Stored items
--- START ---

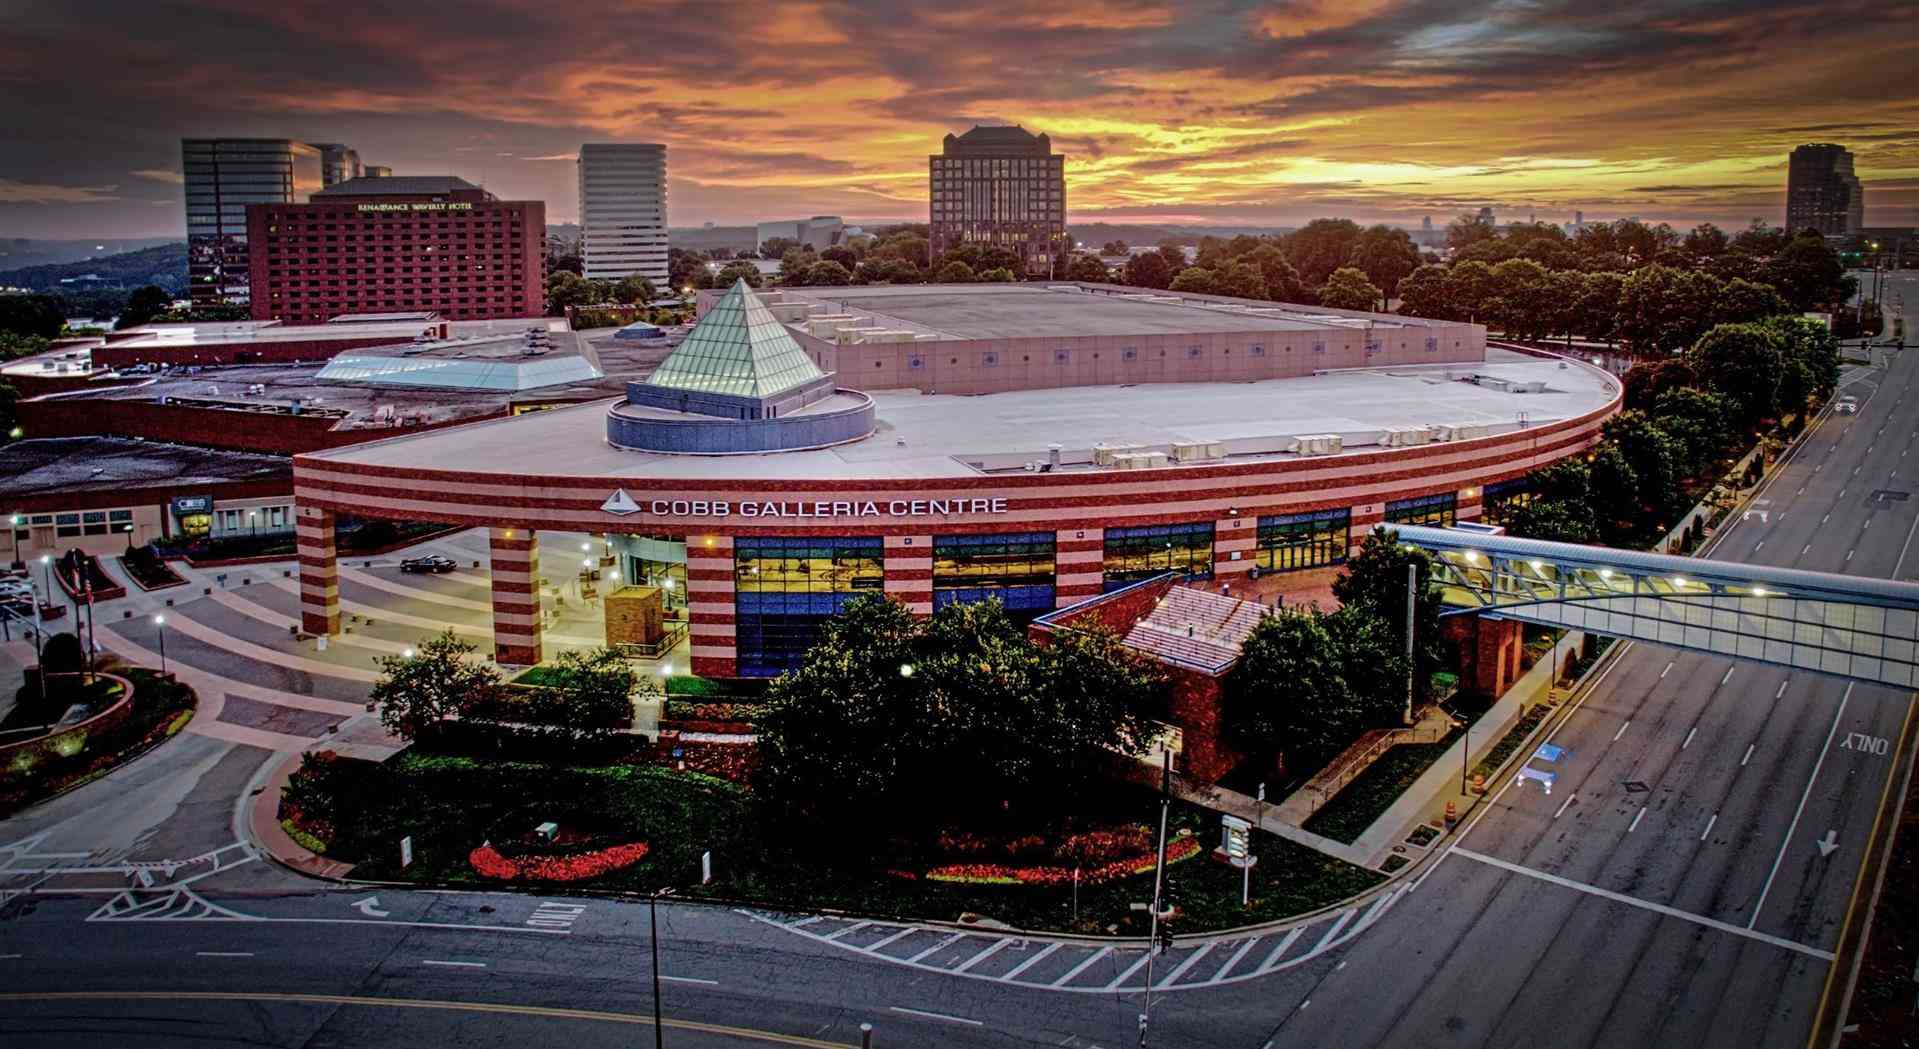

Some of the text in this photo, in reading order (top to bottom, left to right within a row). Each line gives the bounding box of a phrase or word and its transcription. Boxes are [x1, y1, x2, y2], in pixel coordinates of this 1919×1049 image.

[651, 497, 1008, 517] COBB GALLERIA CENTRE
[1840, 731, 1889, 756] ONLY
[526, 901, 587, 927] ONLY
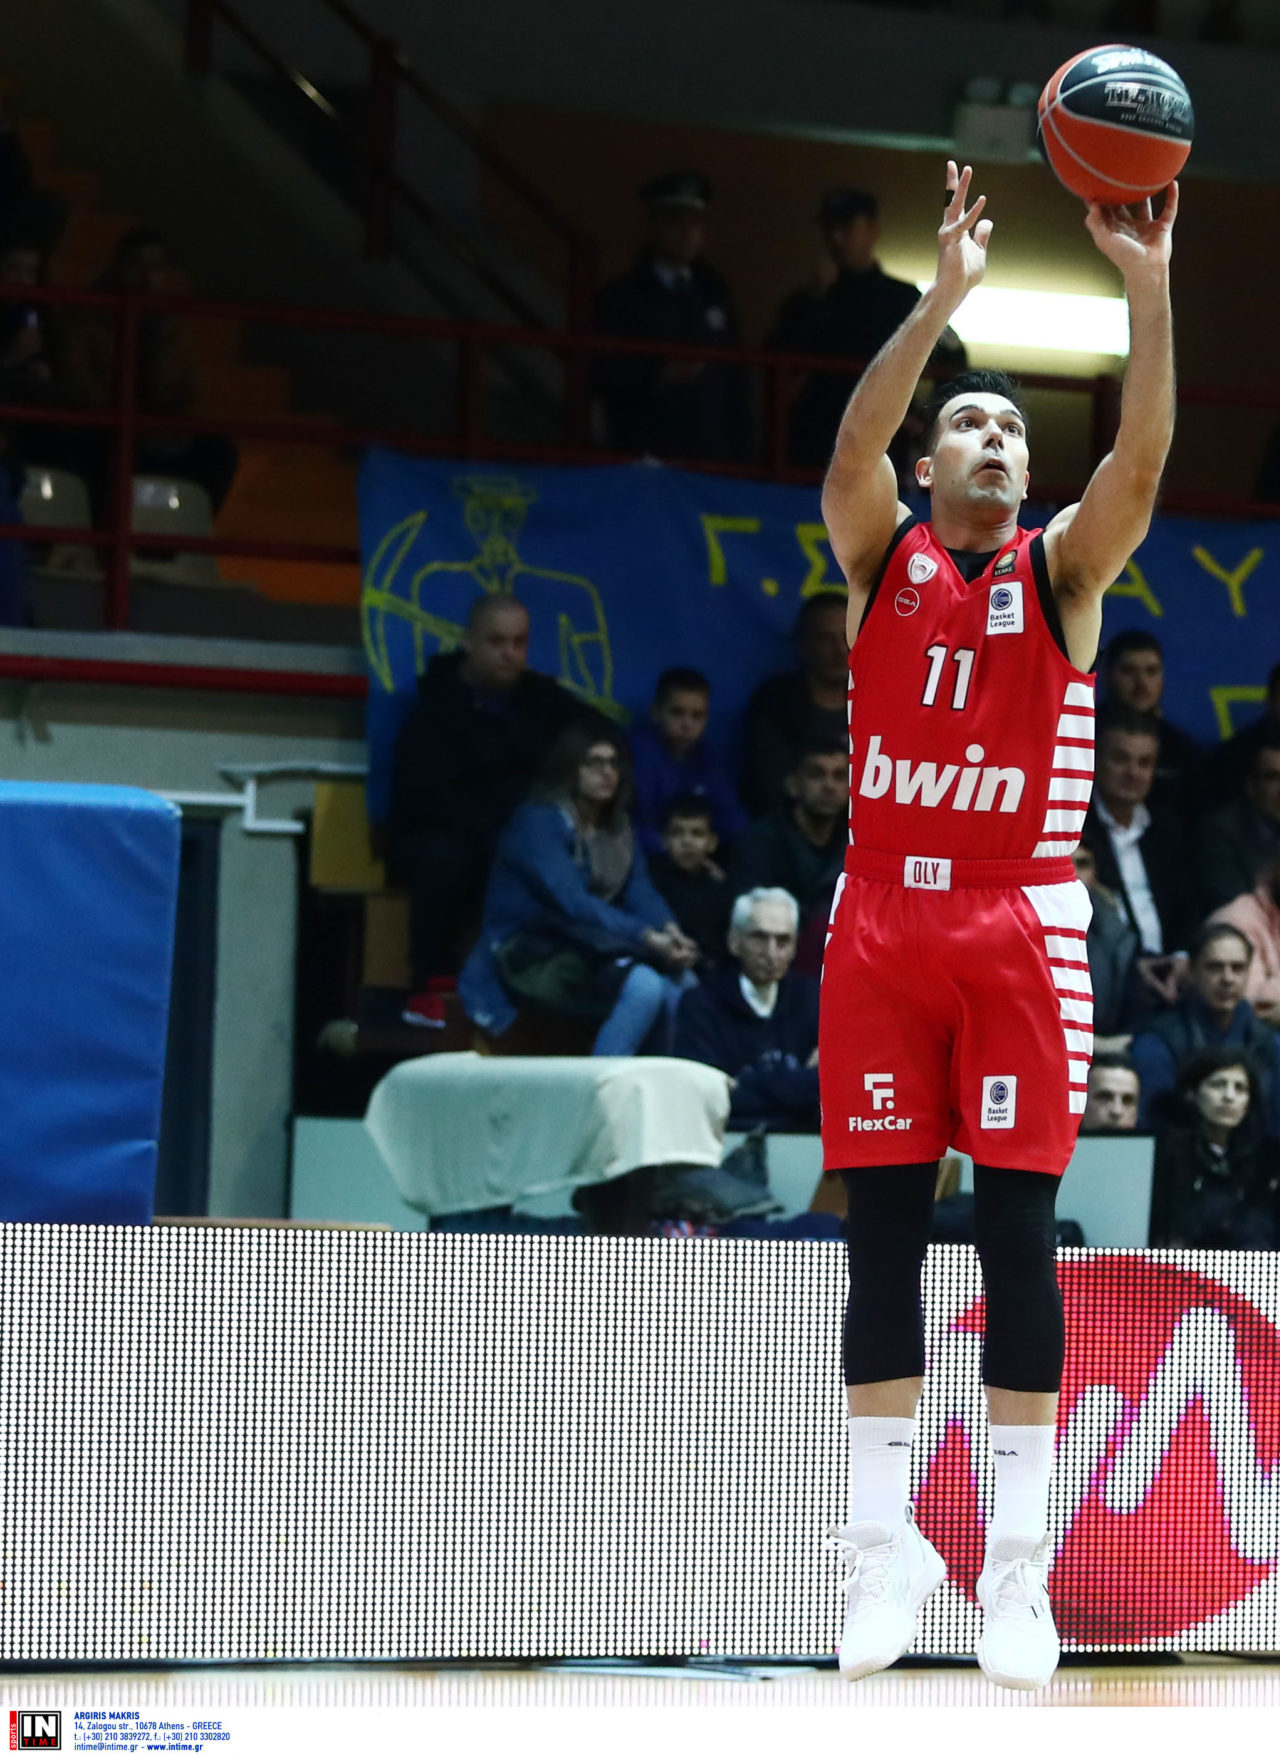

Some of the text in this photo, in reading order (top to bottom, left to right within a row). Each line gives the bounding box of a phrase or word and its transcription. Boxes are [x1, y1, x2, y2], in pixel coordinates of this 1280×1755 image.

[990, 612, 1015, 621] Basket
[990, 620, 1015, 628] League
[921, 643, 975, 711] 11
[859, 734, 1026, 813] bwin
[913, 860, 940, 885] OLY
[987, 1106, 1008, 1115] Basket
[848, 1115, 913, 1132] FlexCar
[987, 1114, 1008, 1123] League
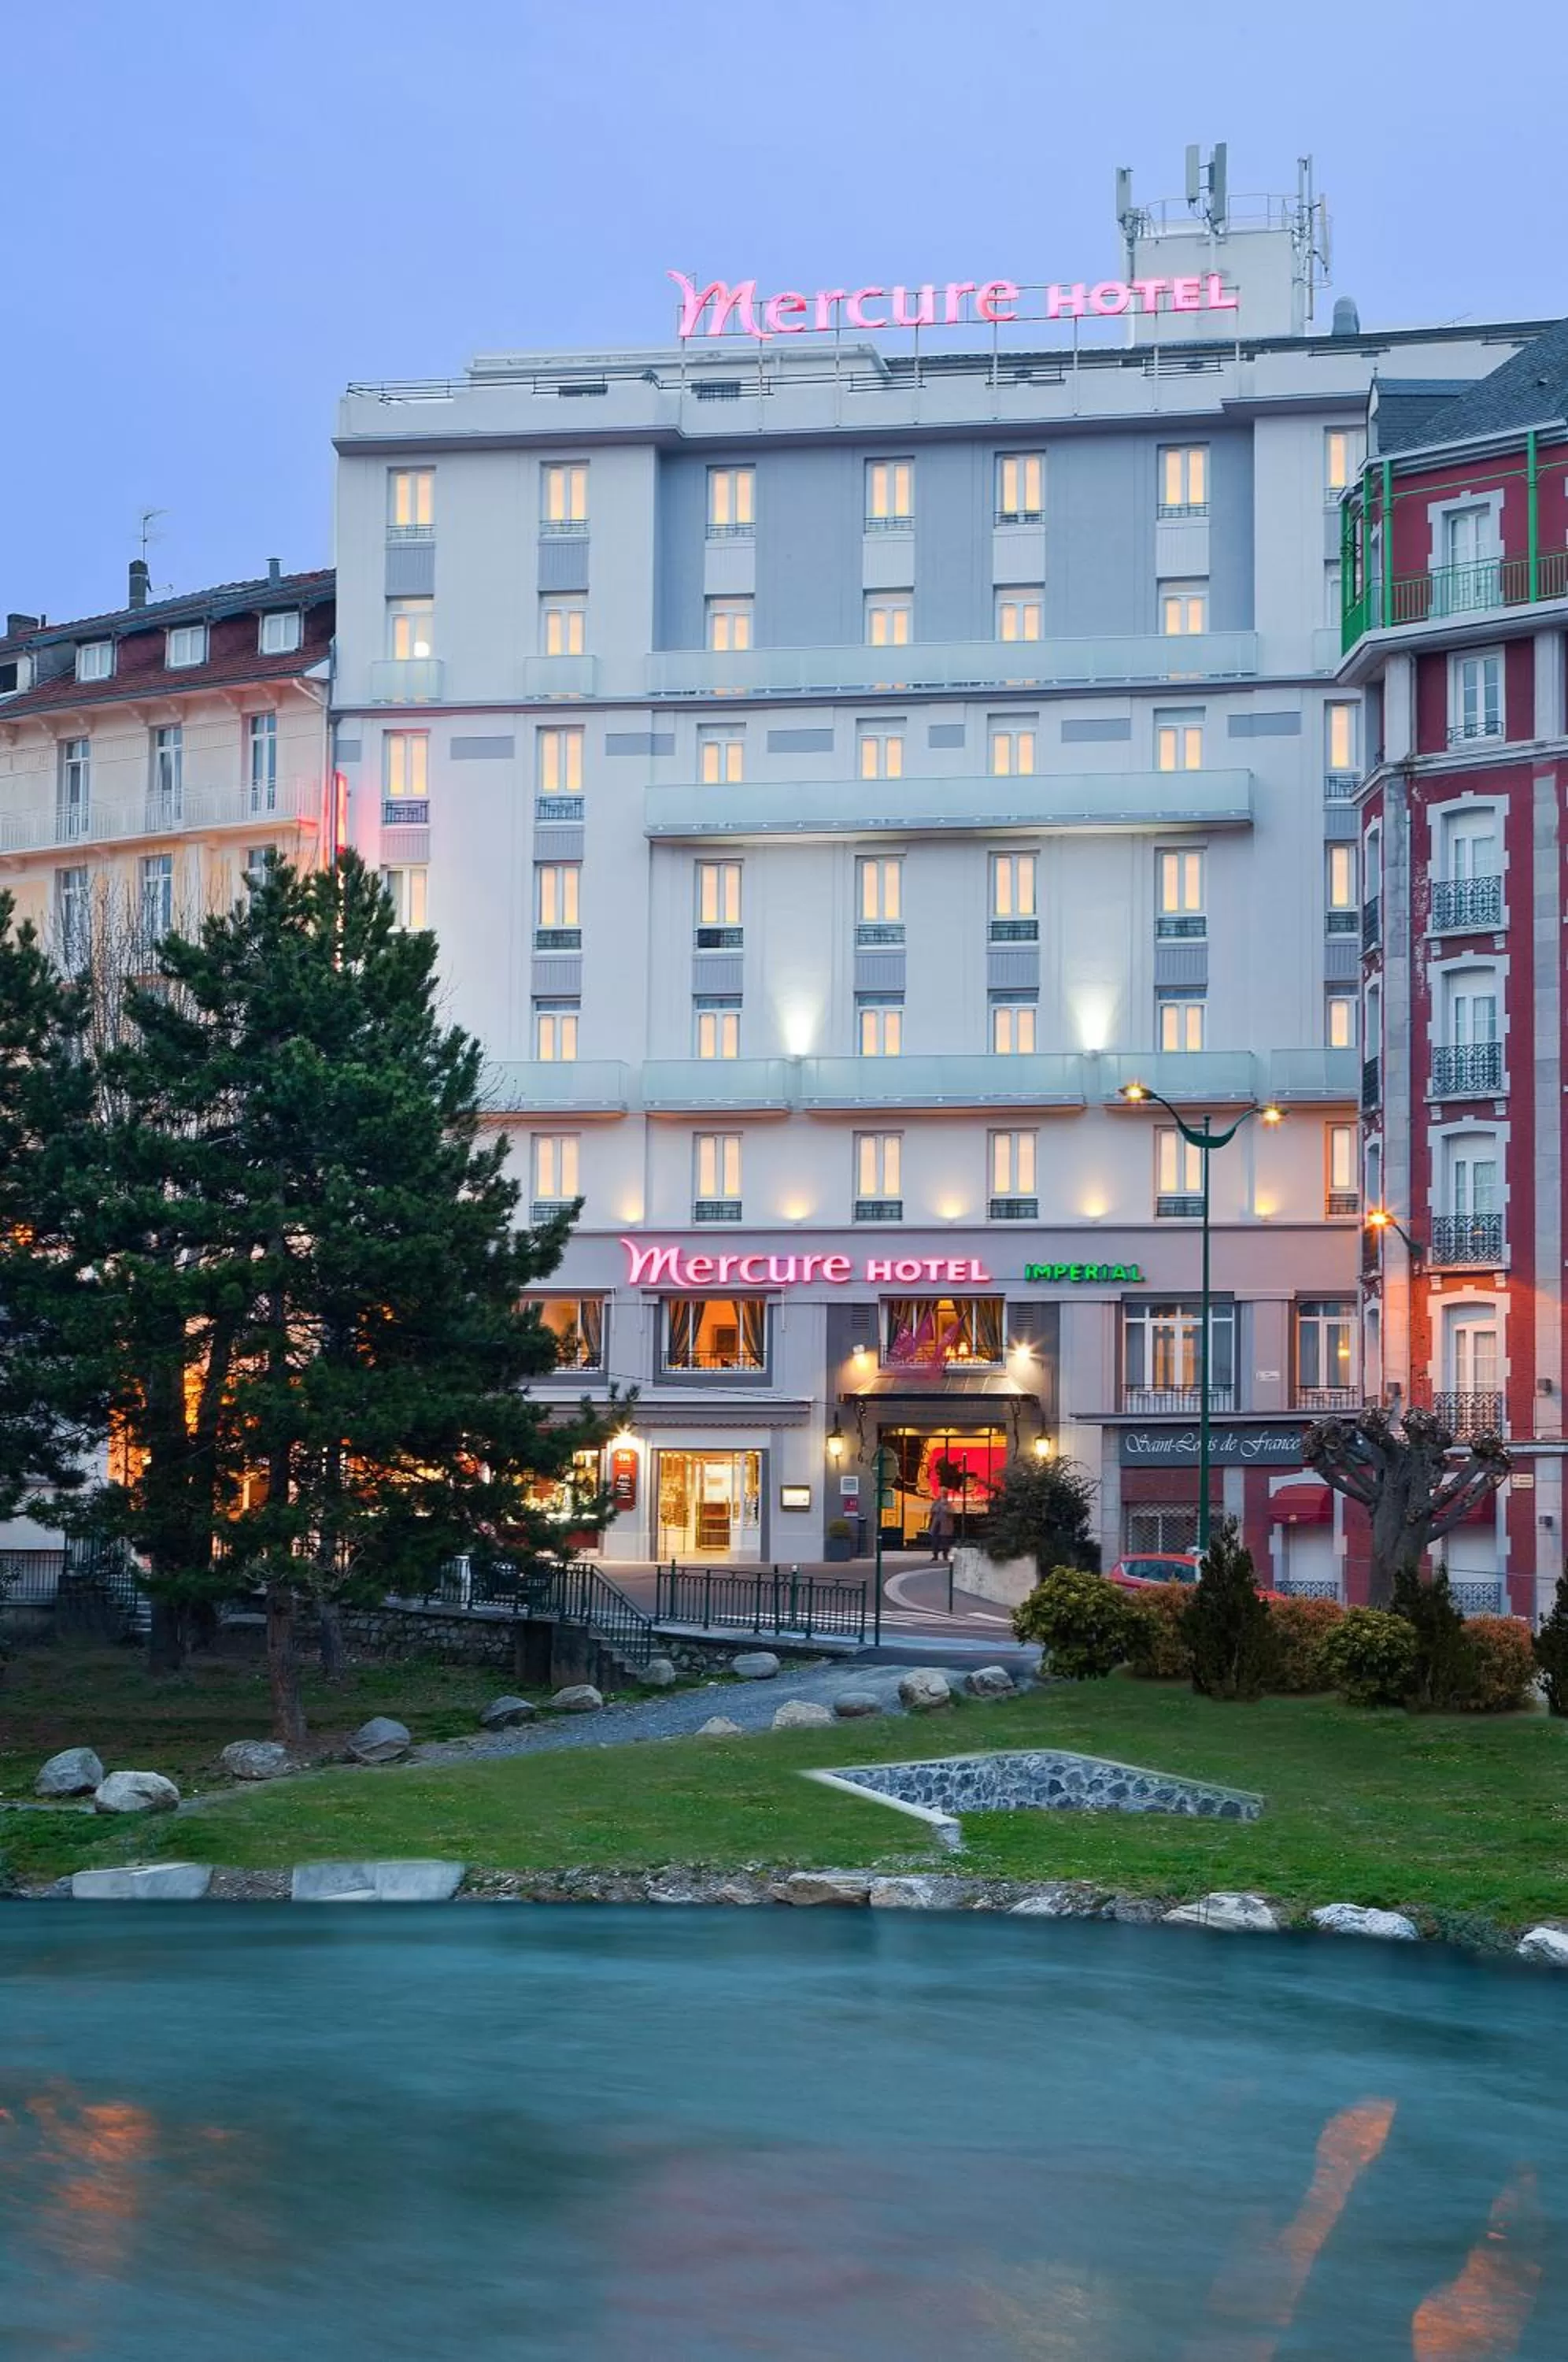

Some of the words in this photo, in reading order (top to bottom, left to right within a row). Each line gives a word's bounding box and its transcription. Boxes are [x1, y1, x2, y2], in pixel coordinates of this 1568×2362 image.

[666, 270, 1018, 341] Mercure
[1047, 273, 1238, 318] HOTEL
[620, 1238, 852, 1287] Mercure
[866, 1259, 991, 1283] HOTEL
[1025, 1262, 1145, 1282] IMPERIAL
[1126, 1432, 1218, 1453] Saint-Lois
[1219, 1433, 1238, 1451] de
[1240, 1431, 1301, 1457] France

--- END ---

• [EXERCISE PROMPT]: Could you copy exactly, and with no pictures, the lines above from the one containing "this 1280×1755 image." through the last line, both included?

• [SOLVED PROBLEM]:
Some of the text in this photo, in reading order (top to bottom, left to right within a row). Each line gives the bounding box of a phrase or word and its transcription. Boxes are [x1, y1, x2, y2], in pixel coordinates of this 1280×1755 image.

[990, 612, 1015, 621] Basket
[990, 620, 1015, 628] League
[921, 643, 975, 711] 11
[859, 734, 1026, 813] bwin
[913, 860, 940, 885] OLY
[987, 1106, 1008, 1115] Basket
[848, 1115, 913, 1132] FlexCar
[987, 1114, 1008, 1123] League

Some of the words in this photo, in reading order (top to bottom, left to right within a row). Each line gives a word's bounding box and its transcription. Boxes are [x1, y1, x2, y2], in pixel coordinates of this 1568×2362 image.

[666, 270, 1018, 341] Mercure
[1047, 273, 1238, 318] HOTEL
[620, 1238, 852, 1287] Mercure
[866, 1259, 991, 1283] HOTEL
[1025, 1262, 1145, 1282] IMPERIAL
[1126, 1432, 1218, 1453] Saint-Lois
[1219, 1433, 1238, 1451] de
[1240, 1431, 1301, 1457] France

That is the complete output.